*** EXTRACTED MATERIAL ***

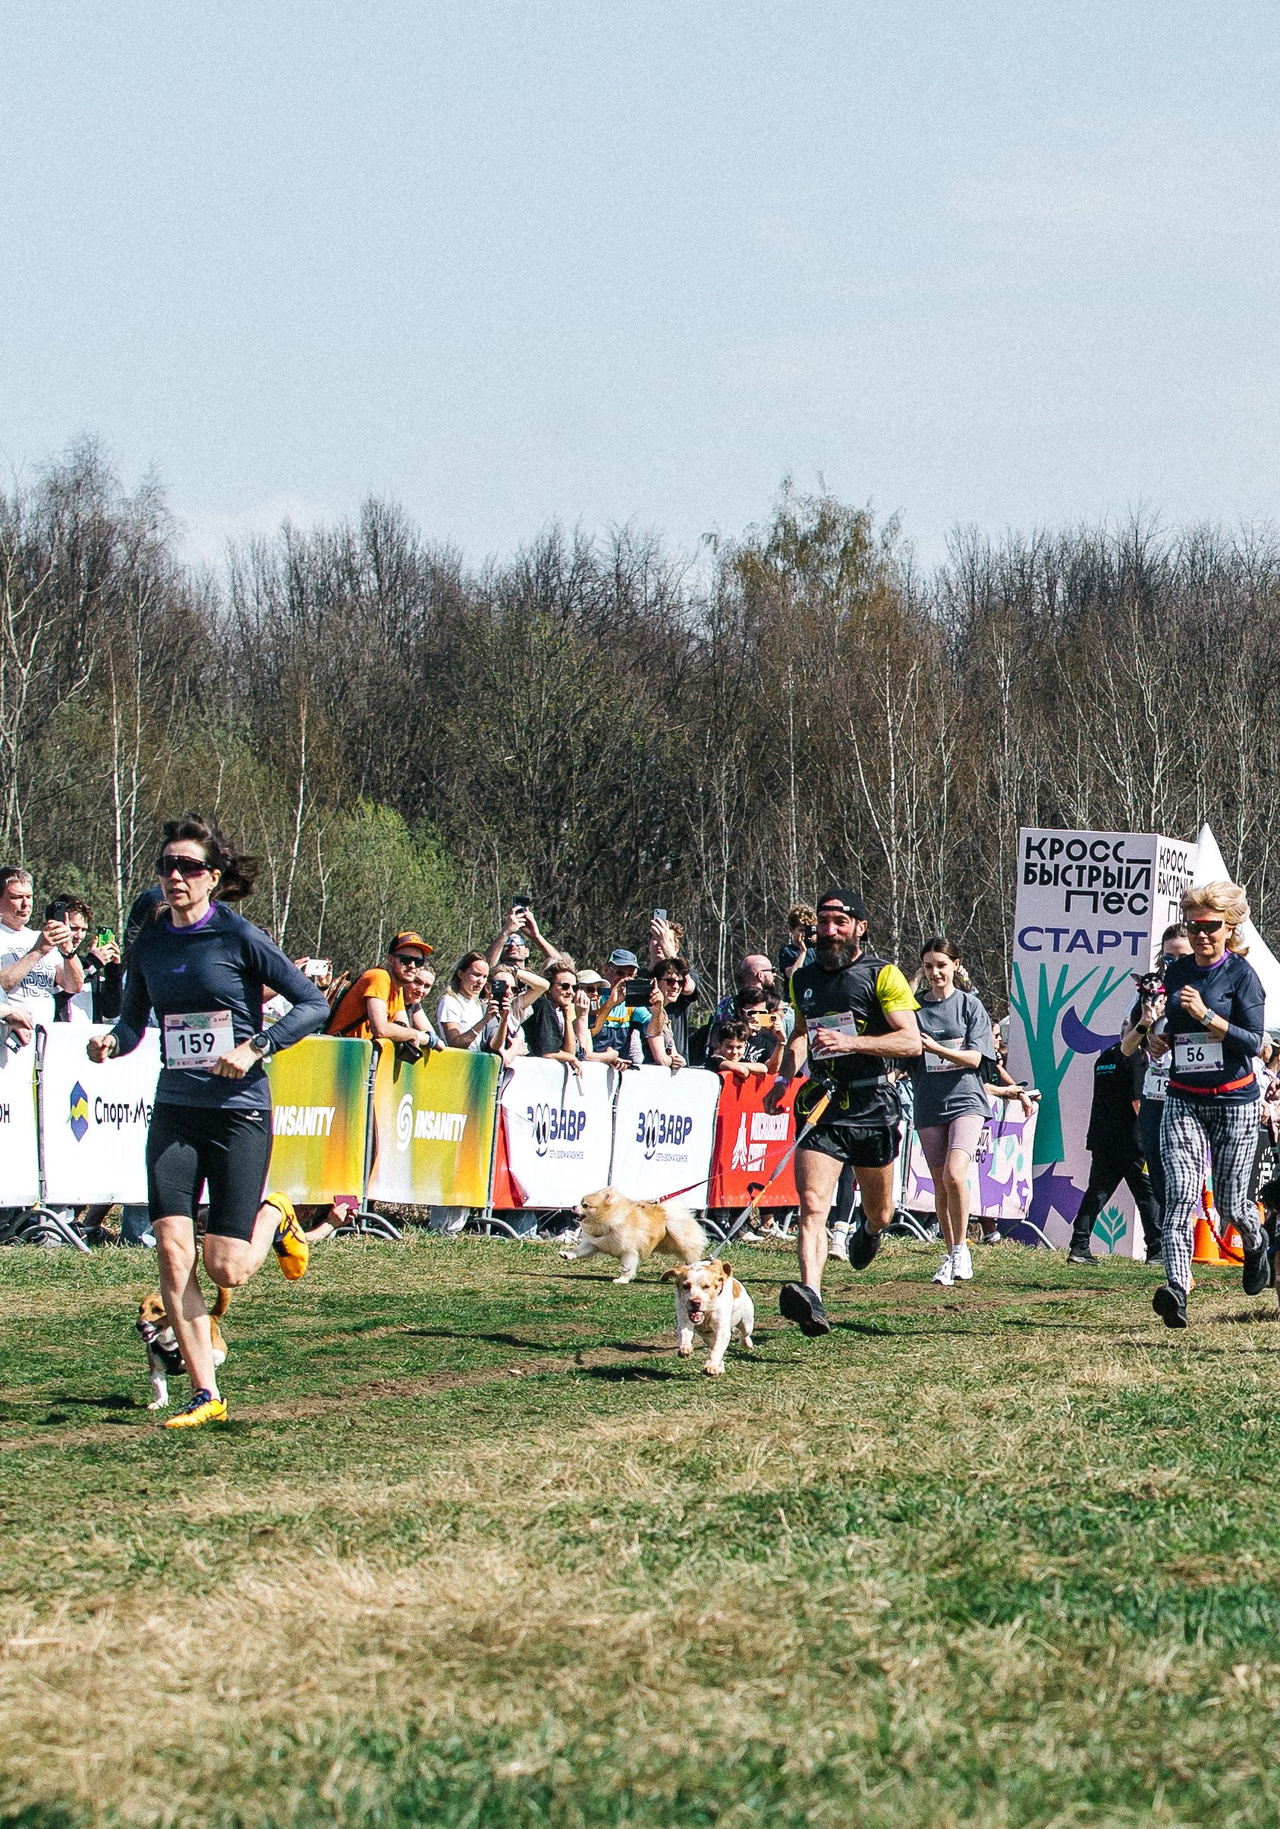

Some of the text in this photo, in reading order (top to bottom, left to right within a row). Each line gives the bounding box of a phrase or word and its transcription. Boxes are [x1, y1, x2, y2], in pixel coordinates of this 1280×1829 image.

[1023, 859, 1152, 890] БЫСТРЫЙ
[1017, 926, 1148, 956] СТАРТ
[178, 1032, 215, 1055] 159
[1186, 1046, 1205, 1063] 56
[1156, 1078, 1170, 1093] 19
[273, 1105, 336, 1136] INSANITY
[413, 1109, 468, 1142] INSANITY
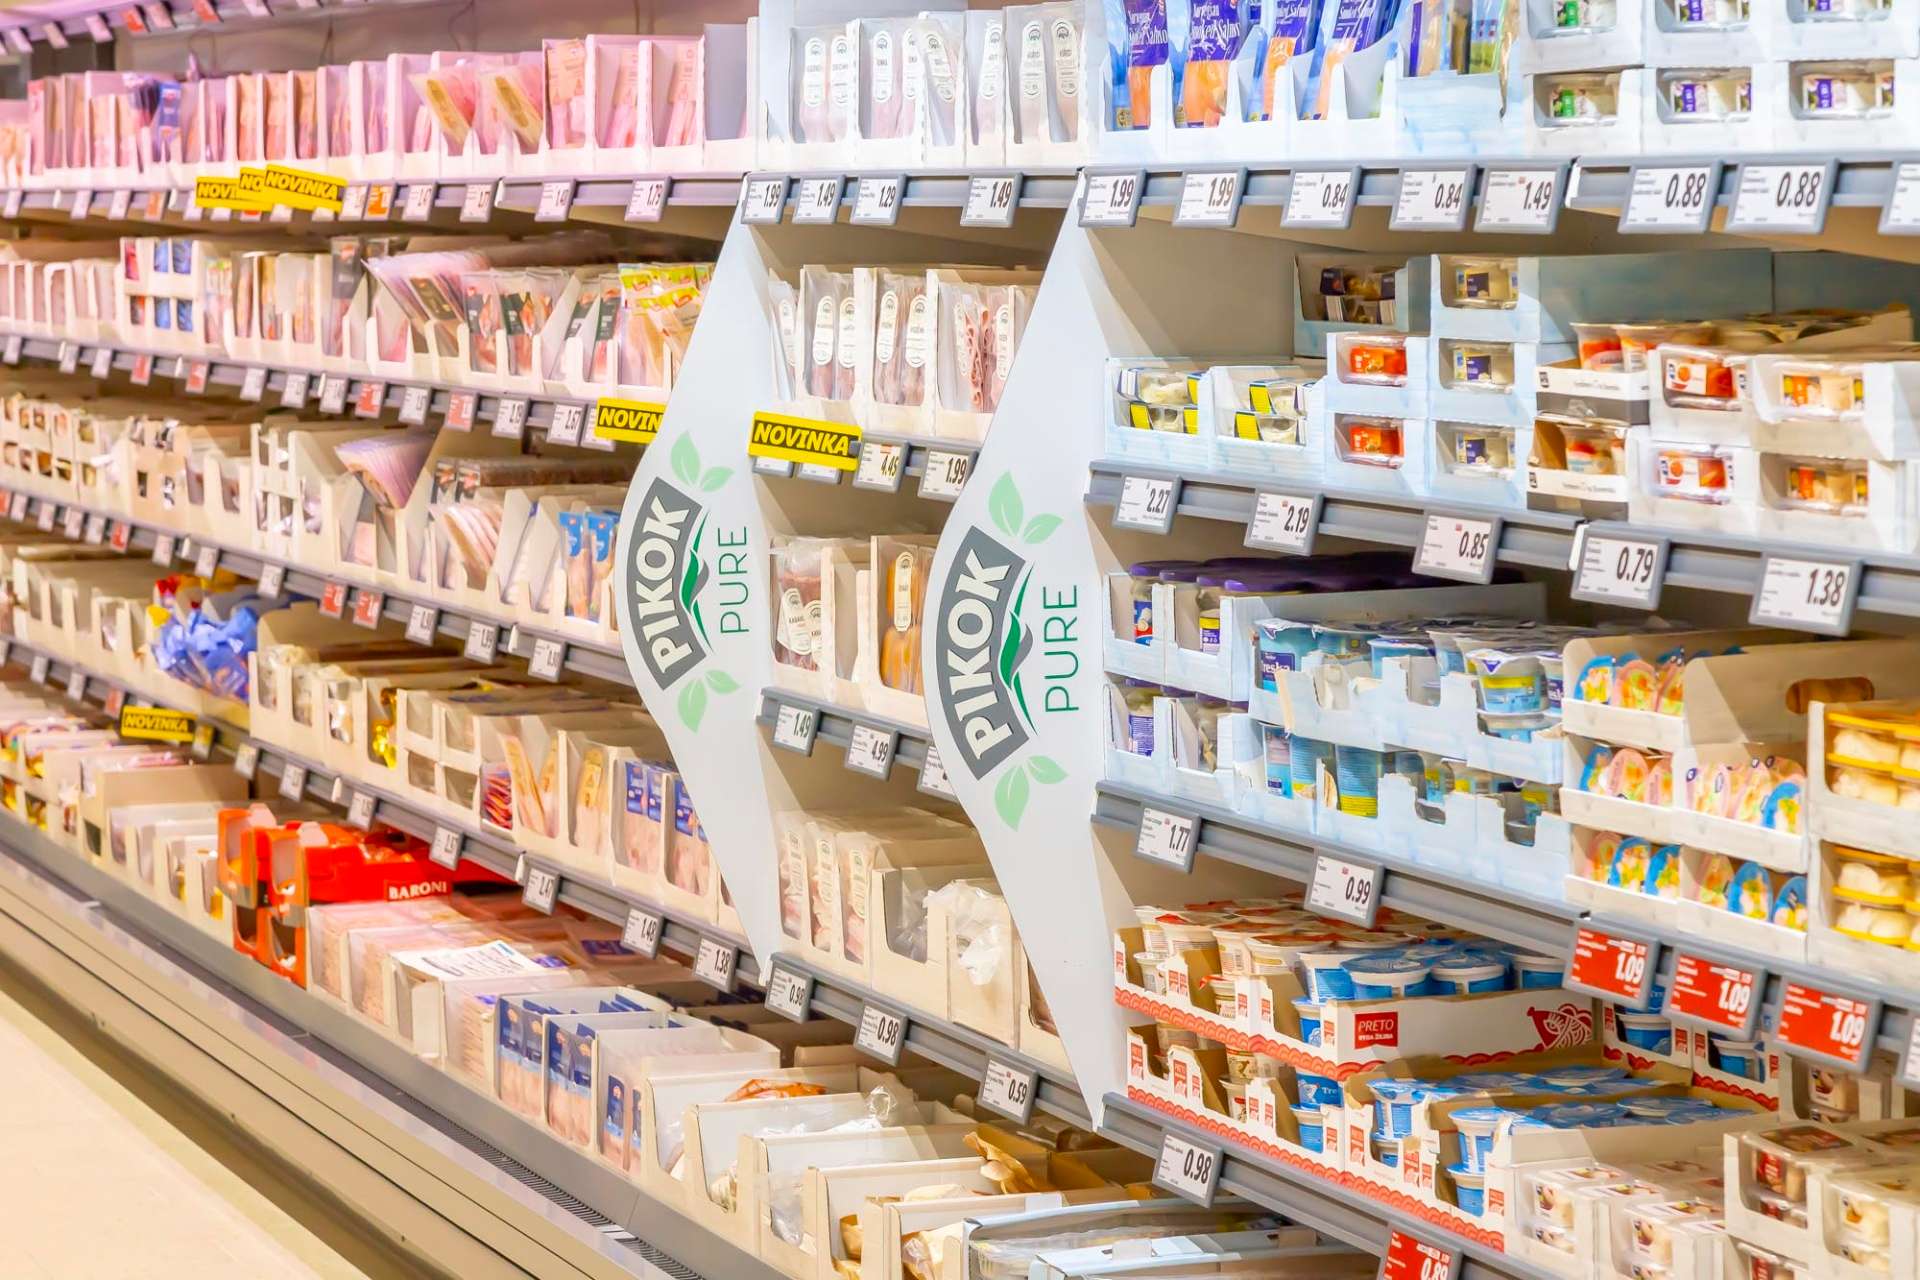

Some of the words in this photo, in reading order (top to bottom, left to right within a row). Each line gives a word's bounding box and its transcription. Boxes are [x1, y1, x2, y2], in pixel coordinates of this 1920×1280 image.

*** End of EXTRACTED MATERIAL ***

- _YOUR OBJECTIVE_
Write out the records above exactly. Pictures do not belong in the copy.

- _OUTPUT_
Some of the text in this photo, in reading order (top to bottom, left to right within a row). Each line gives the bounding box of a phrase or word and its transcription. Boxes are [x1, y1, x2, y2], in pixel coordinates of this 1280×1829 image.

[1023, 859, 1152, 890] БЫСТРЫЙ
[1017, 926, 1148, 956] СТАРТ
[178, 1032, 215, 1055] 159
[1186, 1046, 1205, 1063] 56
[1156, 1078, 1170, 1093] 19
[273, 1105, 336, 1136] INSANITY
[413, 1109, 468, 1142] INSANITY

Some of the words in this photo, in reading order (top to bottom, left to right within a row). Each line gives a word's bounding box and its transcription. Boxes are [x1, y1, x2, y2], in pixel coordinates of this 1920×1280 image.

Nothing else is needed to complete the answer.